Sodium is one of the body’s electrolytes which carries an electric charge when dissolved in body fluids such as blood. Most of the body’s sodium is located in the blood and in the fluid around cells. Sodium helps the body keep fluids in a normal balance and maintain blood pressure. In addition, sodium plays a key role in normal nerve and muscle function. 
Both sodium and chloride are essential for the proper functioning of your body. Your body can’t make them and must get them from food and drinks. Both sodium and chloride can be found in animal and plant food in small quantities. They are excreted through urine and sweat. [4, 5]
How salt balance is maintained
In healthy individuals, the blood sodium level is tightly controlled and maintained in a narrow range of 137 to 142 milliequivalents per liter (mEq/L) of plasma. Meanwhile, normal serum chloride concentrations are in the range from 96 to 106 mEq/L. [6, 7]
If you eat something salty and raise the level of salt in the blood, you will feel thirsty and must drink water, hence bringing the salt level in the blood down.

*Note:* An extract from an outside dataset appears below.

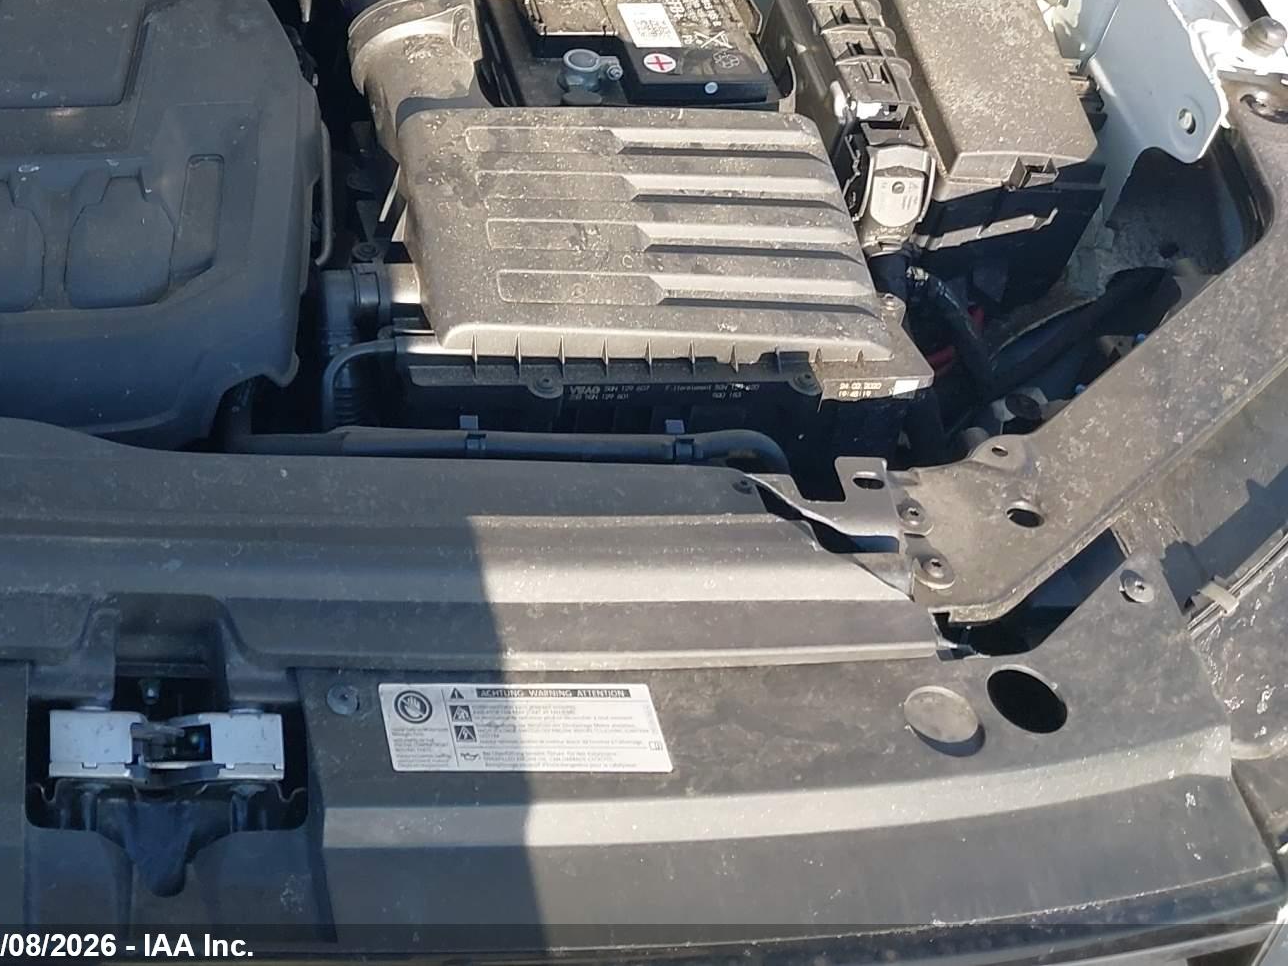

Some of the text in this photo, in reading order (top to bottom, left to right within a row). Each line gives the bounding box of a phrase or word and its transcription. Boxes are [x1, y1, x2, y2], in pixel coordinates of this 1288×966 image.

[480, 689, 625, 698] ACHTUNG WARNING ATTENTION

However, the kidneys will work to increase the excretion through urine and return blood and salt level back to normal.
If the salt level is too low, for example, due to excessive sweat through prolonged physical exertion, the antidiuretic hormone is released and the kidneys will work to retain salt and conserve water.
In fact, your body is so good at maintaining a normal level of sodium and other electrolytes in the blood that the fluctuations in dietary intake don’t have any material impact on their serum levels unless your kidneys or senses are significantly impaired in some way.
How much salt do you need?
Determinants of your salt need
Your salt requirement depends on many factors such as body size, diet, the level of physical activities, climate, and health conditions.
Obviously, the bigger and the more physically active you are, the higher your salt need will be. Endurance athletes can lose a substantial amount of sodium and water during training and competition. If they don’t replenish accordingly, they are at risk of fatigue, sub-optimal performance, muscle cramps, and poor recovery. More serious risks include confusion, seizures, unconsciousness, and even death.
Heat, humidity, and the degree of acclimatization also affect your salt requirement. You are likely to sweat more in a hot and humid environment and, as a result, lose more salt through sweat. However, the rate of salt loss through sweat varies across individuals, and the need to replenish therefore can differ greatly.
In addition, the specifics of your diet can influence your salt requirement.
For example, if your diet is high in carbohydrates, your sodium need will increase. This is because once carbohydrates are broken down into sugar, absorptive cells in the small intestine need sodium in order to transport the sugar from your gut to your bloodstream. If you don’t eat a lot of carbs or go zero carbs, your salt or sodium requirement will definitely be less.
People who have a potassium-rich diet can handle more salt than otherwise. Potassium is another important electrolyte that your body needs and the normal ratio between potassium and sodium is about 3 to 1. Eating food high in potassium can help your body excrete more sodium.
Caffeinated drinks such as coffee, tea, and sports drinks can also increase your salt requirement. For example, if you drink 4 cups of coffee a day, you lose about a half teaspoon of salt or about 1,200 mg of sodium, according to Dr. James DiNicolantonio. Hence, all else constant, coffee drinkers will need more salt than non-coffee drinkers.
Current salt intake recommendations
The current salt intake recommendations vary greatly across health authorities.
1.The National Academy of Medicine
Due to insufficient data available, the National Academy of Medicine does not issue a Recommended Dietary Allowance but established an Adequate Intake for sodium as follows:
- 19-50 years: 1.5 g (65 mmol)/day
- 51-70 years: 1.3 g (55 mmol)/day
- >70 years old: 1.2 g (50mmol)/day.
This intake level does not apply to individuals who lose large volumes of sodium in sweat, such as competitive athletes and workers exposed to extreme heat stress (e.g., foundry workers and firefighters).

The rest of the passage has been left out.